In a plot that involved Nicholas’ own cousin, Rasputin was killed. He was captured, tied up and then thrown into a river. Prior to that several attempts were made on Rasputin’s life, including poisoning, which he somehow came out unscathed.
Even with Rasputin gone, the dissatisfaction among many Russians with Czar Nicholas and his wife had did not seem to abate. World War I was biting the Russian economy and the people’s suffering kept multiplying. To make matters worse, the casualties from the war kept stacking up. By March 1917, the country had reached a tipping point. Almost a quarter of million people took to the streets of St. Petersburg (formerly known as Petrograd) to express their unwavering discontent to the way Nicholas was handling the war as well as the economy.
In what was obviously a bad decision, the czar unleashed the army upon the protesters. Many of the soldiers were reluctant to follow the czar’s orders as soldiers had grown a bit of conscience. There were still some few soldiers who obeyed their commanders and shot into the crowd, killing thousands of people. Protests would continue, spreading from the capital city before metamorphosing into a full-blown revolution – i.e. the 1917 Russian Revolution.

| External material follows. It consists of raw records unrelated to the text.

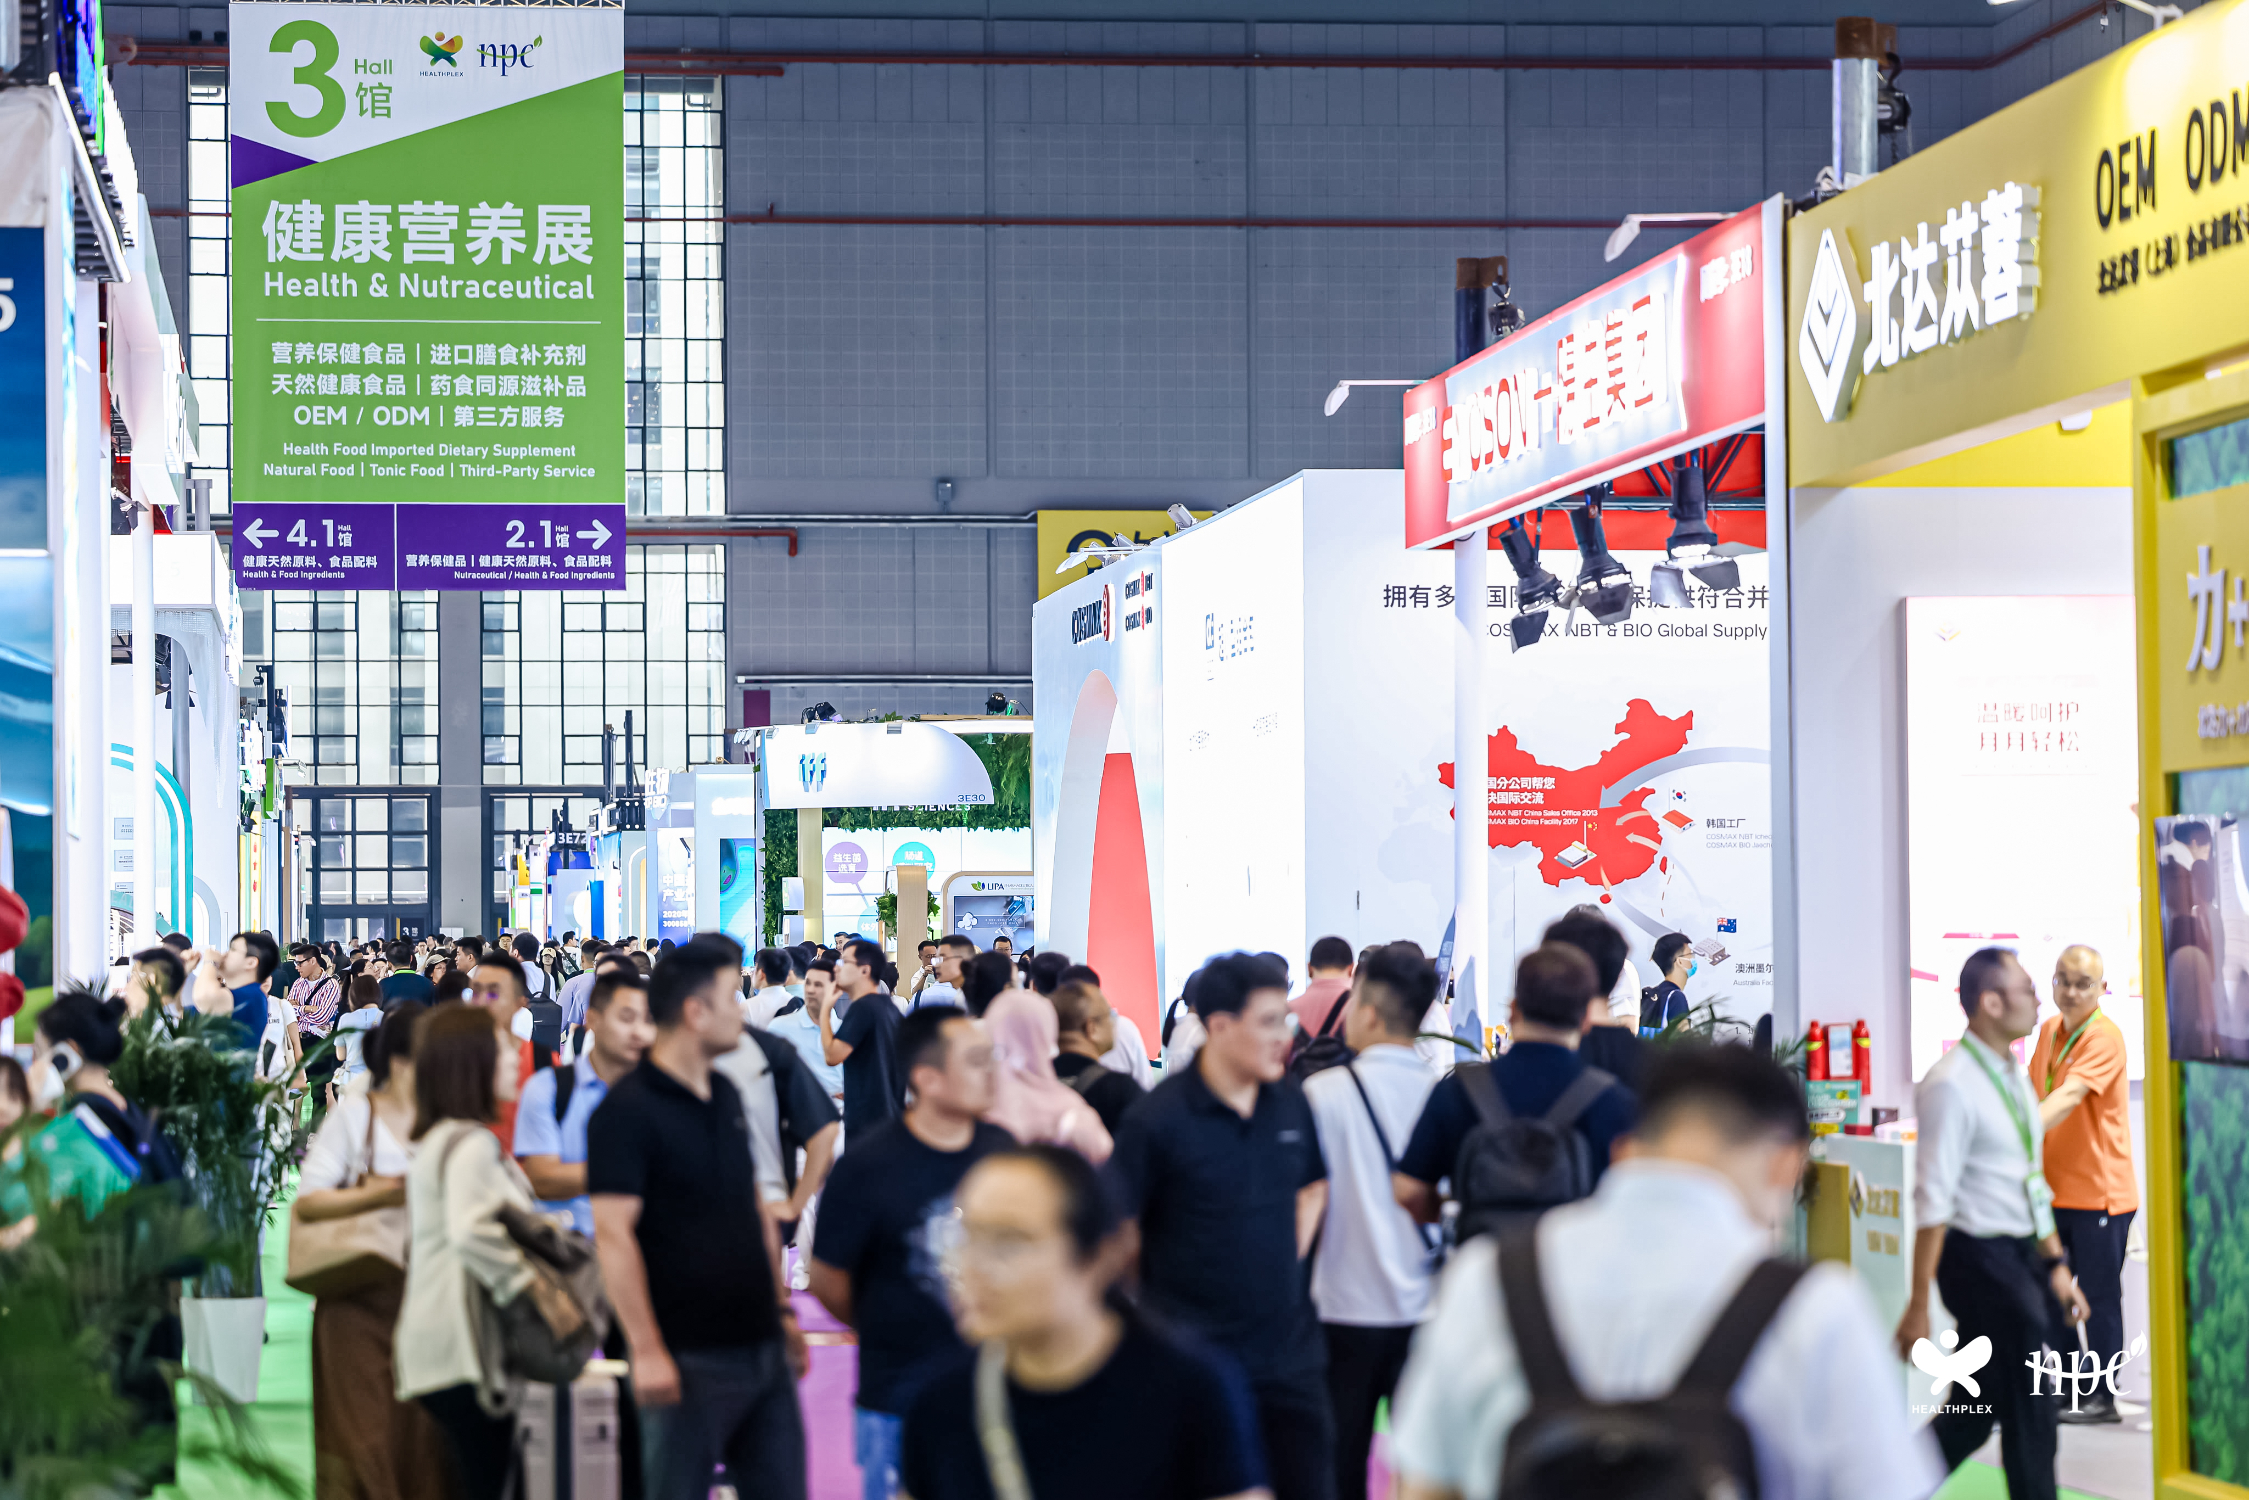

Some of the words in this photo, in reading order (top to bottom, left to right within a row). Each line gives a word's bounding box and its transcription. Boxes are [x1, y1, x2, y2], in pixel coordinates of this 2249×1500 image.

[355, 59, 393, 75] Hall
[478, 43, 535, 77] npc
[265, 20, 346, 138] 3
[355, 82, 393, 118] 馆
[2097, 129, 2157, 230] OEM
[262, 199, 593, 265] 健康营养展
[264, 272, 358, 297] Health
[368, 272, 389, 297] &
[399, 273, 595, 299] Nutraceutical
[271, 342, 406, 365] 营养保健食品
[430, 343, 587, 366] 进口膳食补充剂
[271, 373, 406, 396] 天然健康食品
[430, 374, 587, 397] 药食同源滋补品
[294, 405, 347, 425] OEM
[373, 405, 430, 425] ODM
[453, 405, 565, 428] 第三方服务
[283, 442, 328, 456] Health
[333, 442, 367, 456] Food
[371, 442, 434, 459] Imported
[439, 443, 489, 459] Dietary
[492, 443, 576, 460] Supplement
[264, 463, 316, 476] Natural
[321, 463, 355, 476] Food
[370, 463, 406, 476] Tonic
[410, 463, 445, 477] Food
[459, 463, 539, 479] Third-Party
[543, 464, 596, 477] Service
[286, 519, 333, 547] 4.1
[338, 532, 352, 547] 馆
[505, 519, 551, 548] 2.1
[556, 533, 570, 548] 馆
[242, 555, 378, 568] 健康天然原料、食品配料
[406, 554, 467, 567] 营养保健品
[479, 554, 612, 568] 健康天然原料、食品配料
[243, 570, 269, 578] Health
[271, 570, 277, 578] &
[279, 570, 298, 578] Food
[300, 570, 345, 580] Ingredients
[454, 571, 506, 579] Nutraceutical
[514, 571, 540, 579] Health
[542, 571, 548, 579] &
[550, 571, 569, 579] Food
[571, 571, 615, 580] Ingredients
[1624, 624, 1652, 637] BIO
[1658, 623, 1708, 637] Global
[1713, 623, 1768, 640] Supply
[957, 794, 986, 802] 3E30
[1540, 818, 1561, 826] Facility
[1706, 818, 1746, 828] 韩国工厂
[558, 832, 587, 844] 3E72

The protesters, who had full control over St. Petersburg, forced Nicholas to abdicate his throne in favor of his younger brother, Grand Duke Mikhail. Sensing how far the protesters were willing to go, Mikhail was right in turning down Nicholas’ offer. By so doing the three-century-old Romanov dynasty ended.

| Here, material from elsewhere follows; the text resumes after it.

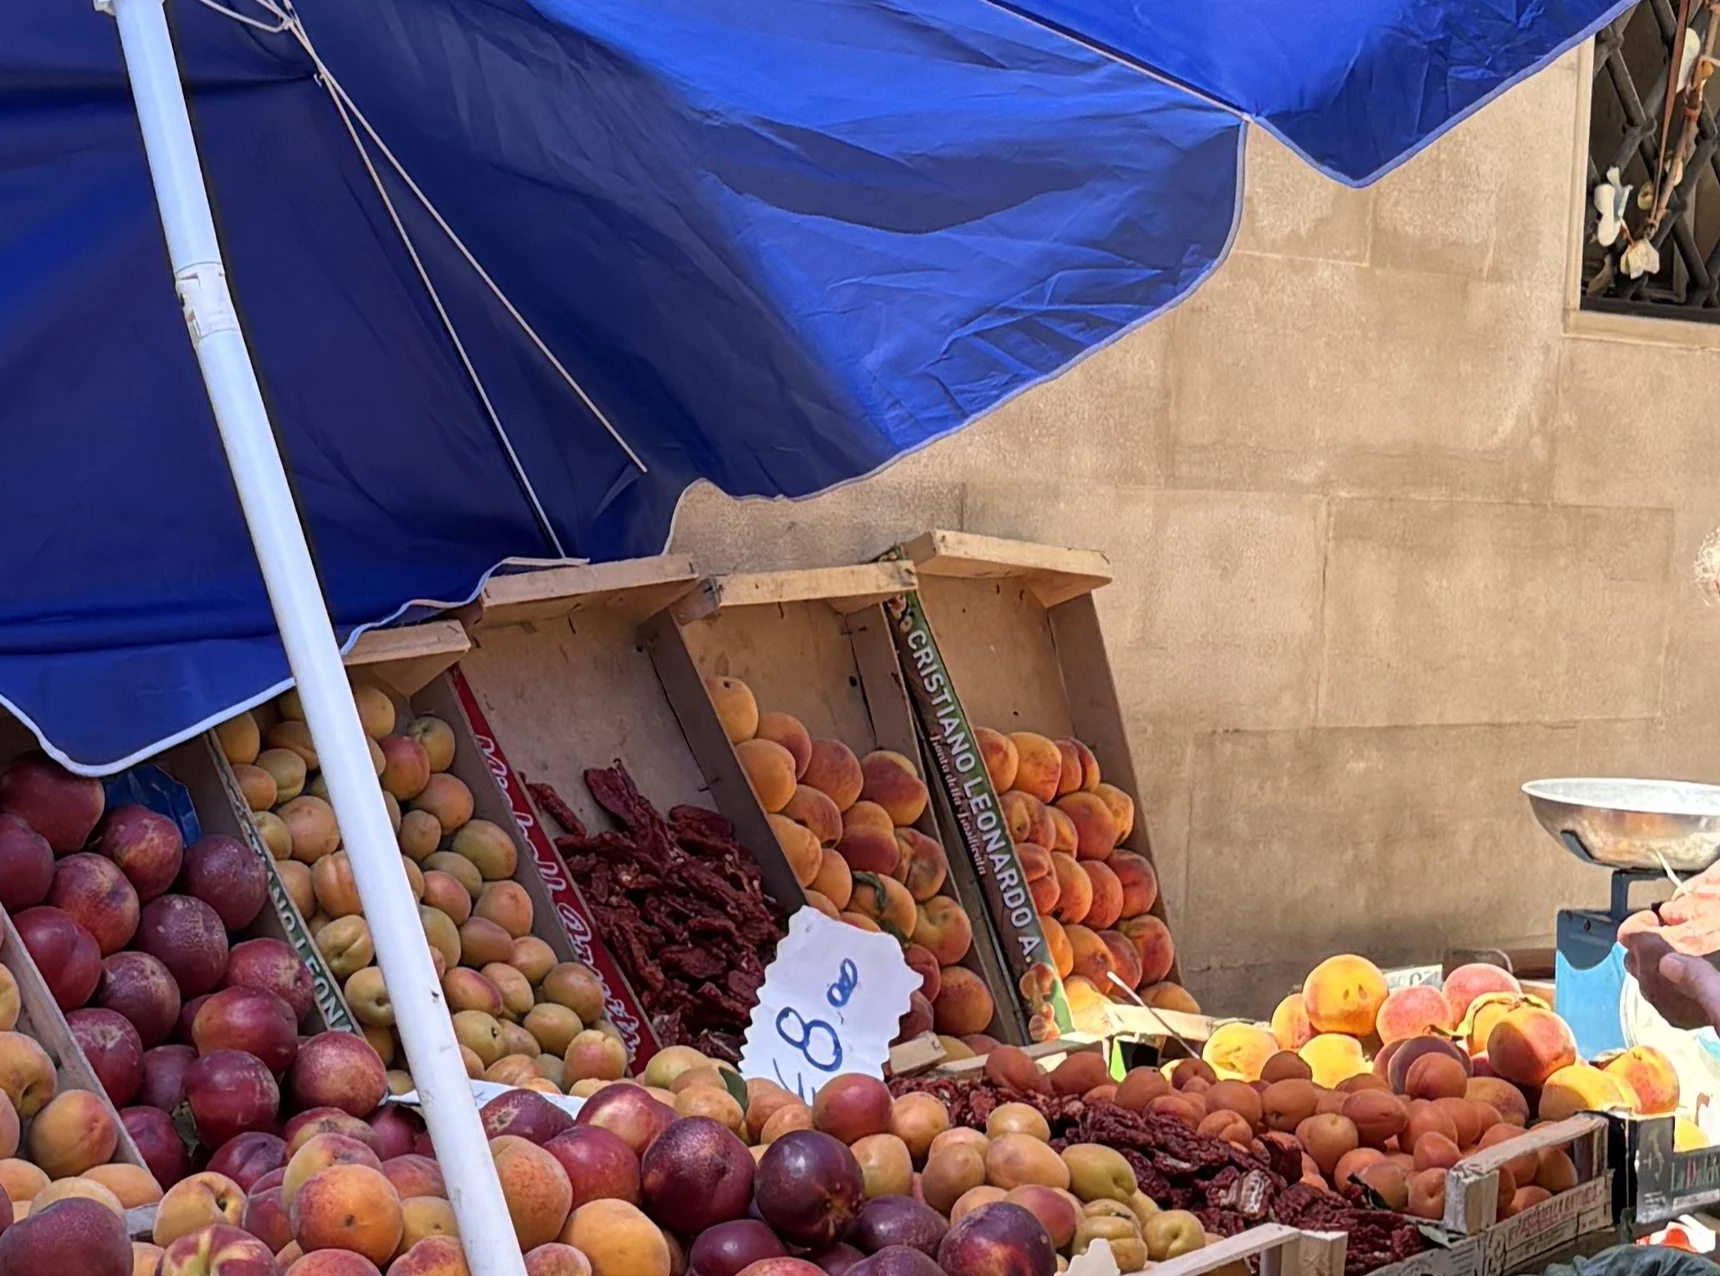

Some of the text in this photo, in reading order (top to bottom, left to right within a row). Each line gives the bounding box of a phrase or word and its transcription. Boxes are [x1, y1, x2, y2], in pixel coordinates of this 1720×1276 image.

[907, 629, 1041, 964] CRISTIANO LEONARDO A.

The Revolutionaries, who by then had formed a provisional government, allowed Nicholas and his family to continue residing in the royal palace at Tsarskoye Selo. However, that did not last for long as the Bolsheviks, under the leadership of Vladimir Lenin, toppled the provisional government. Nicholas and his family had to flee Tsarkoye and head to western Siberia. Russia’s last royal family was placed under house arrest by the Bolsheviks, who began making preparations to put the ousted czar on trial.
There was a last-ditch effort by anti-Bolsheviks groups, i.e. the White Army, to rescue Nicholas and his family members. However, the Bolsheviks were able to thwart all those efforts.
How did Czar Nicholas II die?
The longer Nicholas and his family remained under house arrest the worse their living conditions became. In July, 1918, it was decided to completely get rid of Nicholas and his family as the Bolsheviks believed that Russian Revolution would not be complete until those two were dead. In the early hours of July 17, 1918, Nicholas and his family were asked to don their finest clothes. They former royals were then ushered into a small room and lined up to be executed by a firing squad. Nicholas and all members of his family, including his son and heir Alexei, were gunned to death. The Bolshevik soldiers divided the corpses at two separate sites. sulfuric acid was poured on the corpses to prevent the corpses from being identified in future.
More Czar Nicholas II facts
- His mother – Dagmar Da Dinmarca (Maria Feodorovna) – was the younger sister of Princess Alexandra who was the wife of Albert Edward, the Prince of Wales (the future King Edward VII). Princess Alexandra thus went on to become queen of England.
- Nicholas II was a distant relative of George V of England and Wilhelm II, the last Kaiser of Germany.
- In the late 1890s, Nicholas proposed (at the Hague Convention of 1899) the formation of an international body that would enforce disarmament and have a mechanism to resolve international disputes. His proposal was quickly put down by his fellow European monarchs.
- At a state and church ceremony in St. Petersburg, Russia, on July 17, 1998, the remains of the Nicholas and his family were re-interred.
- In the Russian Orthodox Church, Nicholas II is known as Saint Nicholas the Passion-Bearer. He was canonized in 2000.